Additionally, where NGOs like Action Medeor were recently able to secure air freight prices of $3 per kilogram, today that number is 10.
"Today, for 8.5 tons of aid that we're sending, we now need $70,000 instead of $20,000," Bonsmann says. Just two airlines, he says, fly to the Liberian crisis region. The wages demanded by remaining aid workers in Ebola airs have also doubled since the cases of infection began increasing significantly.
Playing against time
Problems are compounding quickly. Working alongside Action Medeor are other groups from various aid organizatinos: Doctors Without Borders (MSF), or the German organizations Medica Mondiale and "World Hunger Aid" (Welthungerhilfe).
Bonsmann still sees problems, though.
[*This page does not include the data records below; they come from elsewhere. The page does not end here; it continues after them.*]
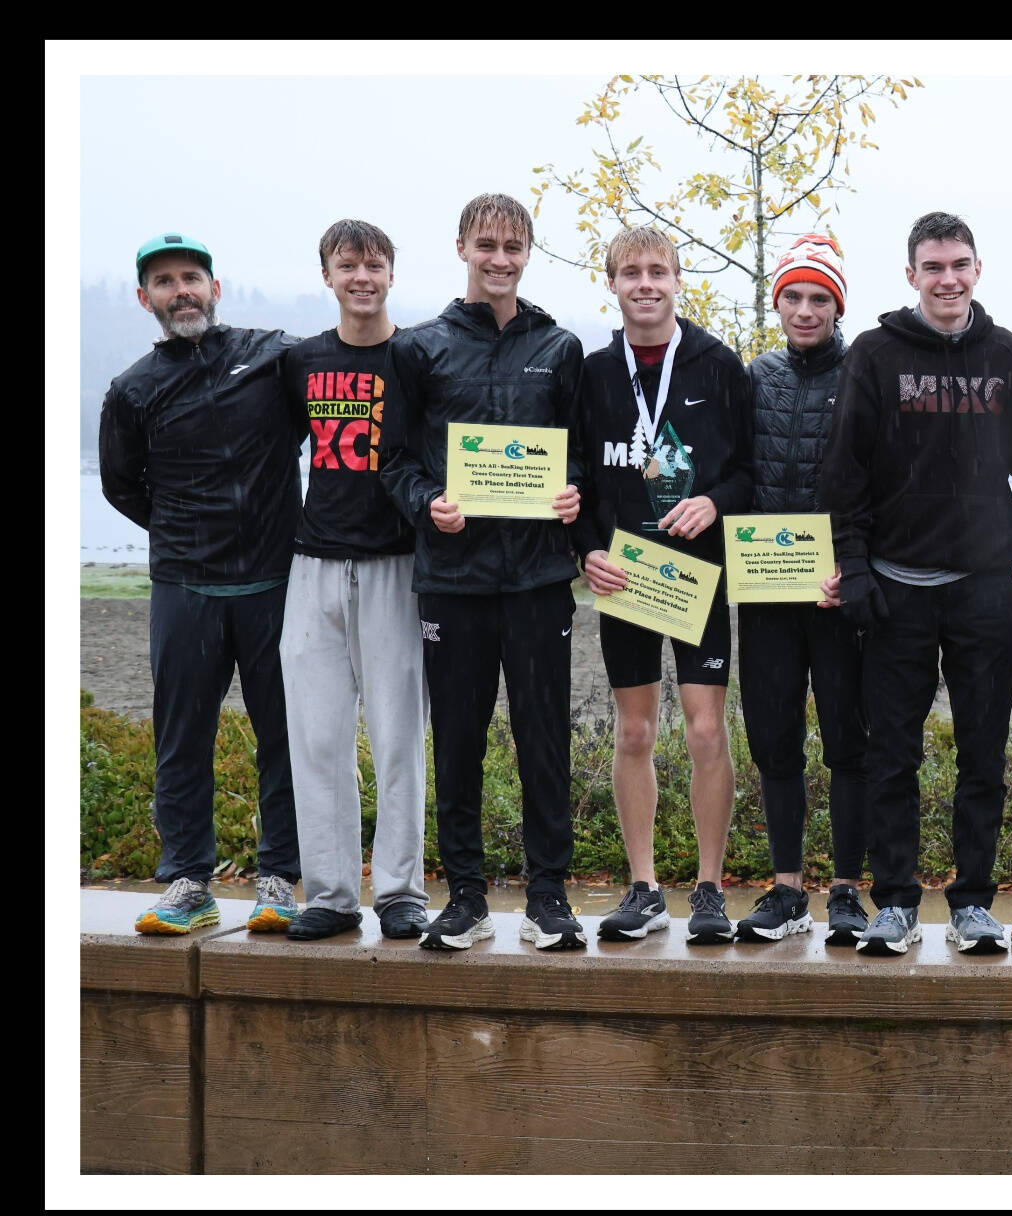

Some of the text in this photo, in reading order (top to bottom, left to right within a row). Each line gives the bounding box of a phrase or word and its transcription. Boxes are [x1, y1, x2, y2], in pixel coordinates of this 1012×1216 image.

[307, 371, 373, 400] NIKE
[308, 403, 369, 416] PORTLAND
[310, 419, 370, 472] XC
[505, 481, 545, 489] Individual
[634, 589, 652, 600] Place
[653, 595, 689, 613] Individual
The number of Ebola patients requiring beds and assistance rises daily. Current demand for beds, according to WHO, is at least 1,000.
"In reality, right now there are just about 220 available," he said. Many people, worried they'll be infected by Ebola, no longer go to the medical centers, not wanting to spend the potential final days of their lives isolated from their families.
Other families are refusing to take in relatives from Ebola crisis regions, Bonsmann says. If people infected by Ebola are no longer being absorbed by treatment centers due to a lack of available space, then people die on the open street, often remaining there for days. Adding to the difficulties is the fact that, with every transmission, Ebola changes slightly.
The mutation is in progress, but no medical personnel can say whether the virus is becoming more dangerous."
Now, the hope is that the German government's additional, 10-million euro contribution can be distributed by the WHO quickly and efficiently.